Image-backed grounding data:
+ + + +
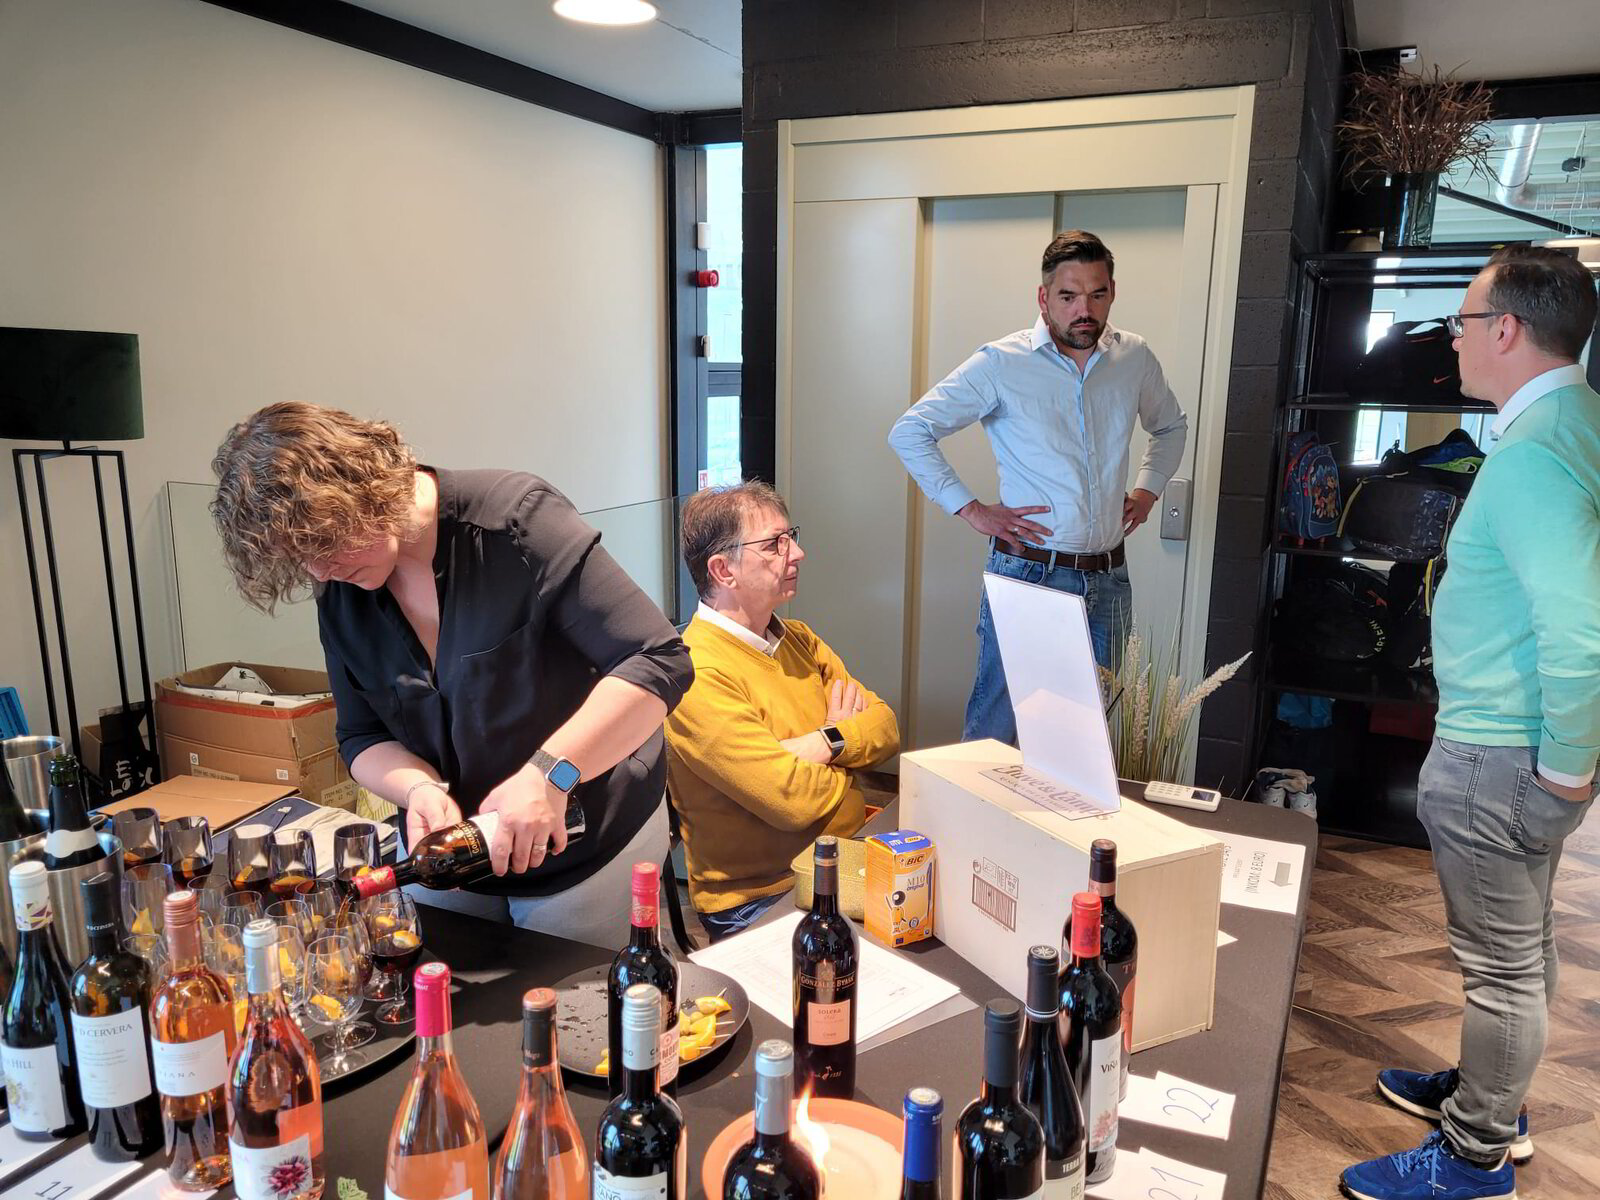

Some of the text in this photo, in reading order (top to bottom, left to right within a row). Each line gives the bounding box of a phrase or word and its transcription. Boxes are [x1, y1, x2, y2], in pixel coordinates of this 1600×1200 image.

[906, 854, 925, 867] BIC
[1162, 1087, 1220, 1124] 22
[34, 1180, 74, 1200] 11
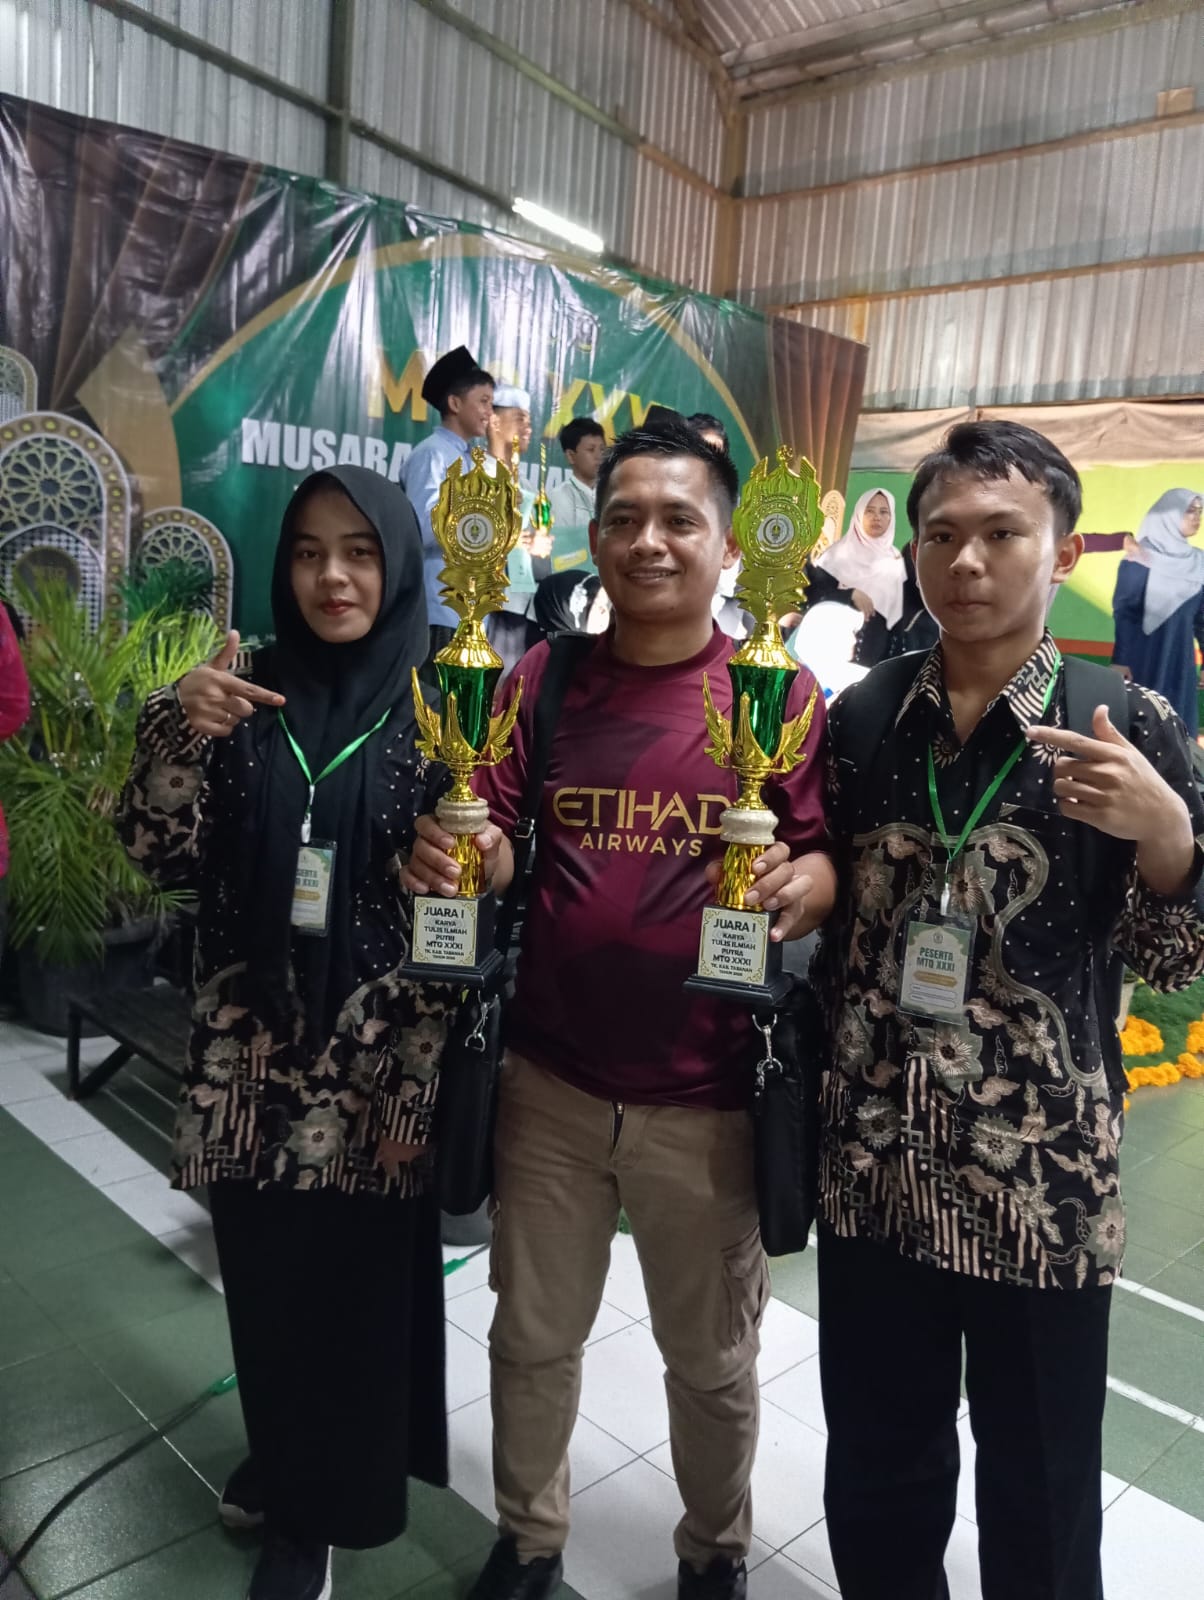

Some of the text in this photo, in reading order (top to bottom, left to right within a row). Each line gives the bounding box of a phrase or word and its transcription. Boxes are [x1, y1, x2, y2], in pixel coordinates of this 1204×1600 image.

[552, 786, 734, 835] ETIHAD
[579, 832, 704, 857] AIRWAYS
[424, 906, 465, 919] JUARA I
[444, 927, 467, 935] ILMIAH
[713, 918, 756, 933] JUARA I
[712, 939, 756, 950] TULIS ILMIAH
[722, 948, 743, 956] PUTRA
[919, 947, 953, 961] PESERTA
[713, 954, 751, 966] MTQ XXXI
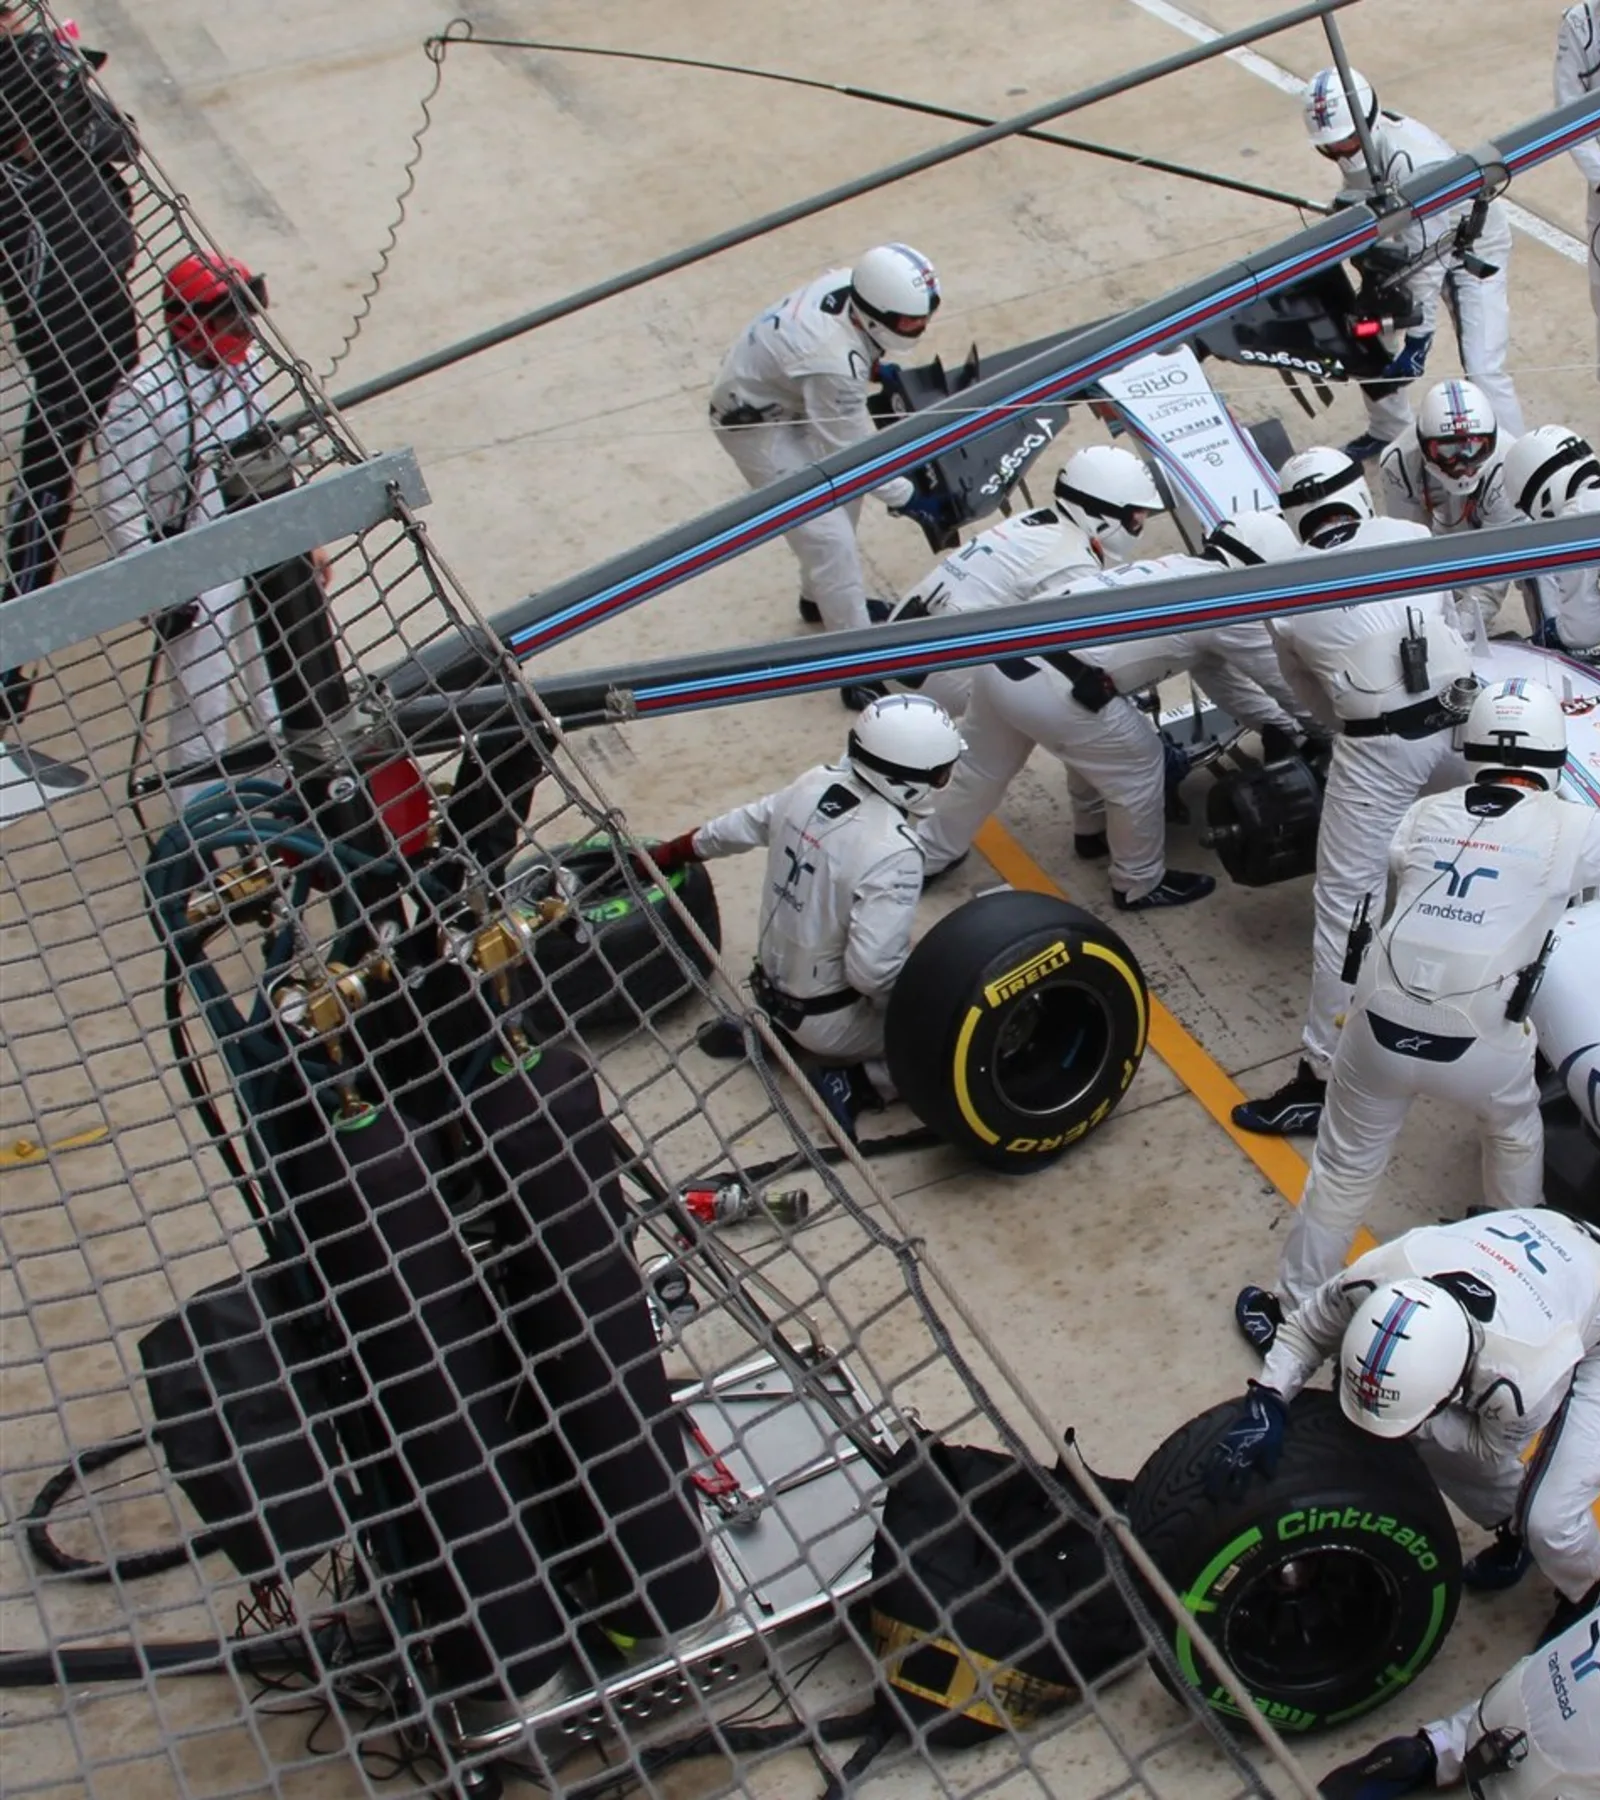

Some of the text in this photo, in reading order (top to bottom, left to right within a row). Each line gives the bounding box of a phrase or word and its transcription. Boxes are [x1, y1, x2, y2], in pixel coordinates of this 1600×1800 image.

[1127, 369, 1189, 399] ORIS
[1147, 395, 1208, 421] HACKETT
[1160, 415, 1223, 444] PIRELLI
[1181, 438, 1230, 460] avanade
[1455, 838, 1500, 853] MARTINI
[1416, 901, 1485, 926] randstad
[984, 940, 1071, 1008] PIRELLI
[1005, 1098, 1111, 1152] ZERO
[1474, 1240, 1554, 1321] WILLIAMS MARTINI
[1346, 1366, 1400, 1402] MARTINI
[1277, 1505, 1439, 1573] Cinturato
[1547, 1650, 1577, 1722] randstad
[1207, 1685, 1318, 1732] PIRELI
+ + + +
YOUR ASSIGNMENT: Would you give the entries above again verbatim, omitting the images they contain?

ANSWER SPACE:
Some of the text in this photo, in reading order (top to bottom, left to right within a row). Each line gives the bounding box of a phrase or word and its transcription. Boxes are [x1, y1, x2, y2], in pixel coordinates of this 1600×1200 image.

[906, 854, 925, 867] BIC
[1162, 1087, 1220, 1124] 22
[34, 1180, 74, 1200] 11

Some of the text in this photo, in reading order (top to bottom, left to right within a row). Each line gives the bounding box of a phrase or word and its transcription. Boxes are [x1, y1, x2, y2], in pixel coordinates of this 1204×1600 image.

[552, 786, 734, 835] ETIHAD
[579, 832, 704, 857] AIRWAYS
[424, 906, 465, 919] JUARA I
[444, 927, 467, 935] ILMIAH
[713, 918, 756, 933] JUARA I
[712, 939, 756, 950] TULIS ILMIAH
[722, 948, 743, 956] PUTRA
[919, 947, 953, 961] PESERTA
[713, 954, 751, 966] MTQ XXXI

Some of the text in this photo, in reading order (top to bottom, left to right within a row). Each line gives the bounding box of a phrase or word and its transcription. Boxes are [x1, y1, x2, y2], in pixel coordinates of this 1600×1800 image.

[1127, 369, 1189, 399] ORIS
[1147, 395, 1208, 421] HACKETT
[1160, 415, 1223, 444] PIRELLI
[1181, 438, 1230, 460] avanade
[1455, 838, 1500, 853] MARTINI
[1416, 901, 1485, 926] randstad
[984, 940, 1071, 1008] PIRELLI
[1005, 1098, 1111, 1152] ZERO
[1474, 1240, 1554, 1321] WILLIAMS MARTINI
[1346, 1366, 1400, 1402] MARTINI
[1277, 1505, 1439, 1573] Cinturato
[1547, 1650, 1577, 1722] randstad
[1207, 1685, 1318, 1732] PIRELI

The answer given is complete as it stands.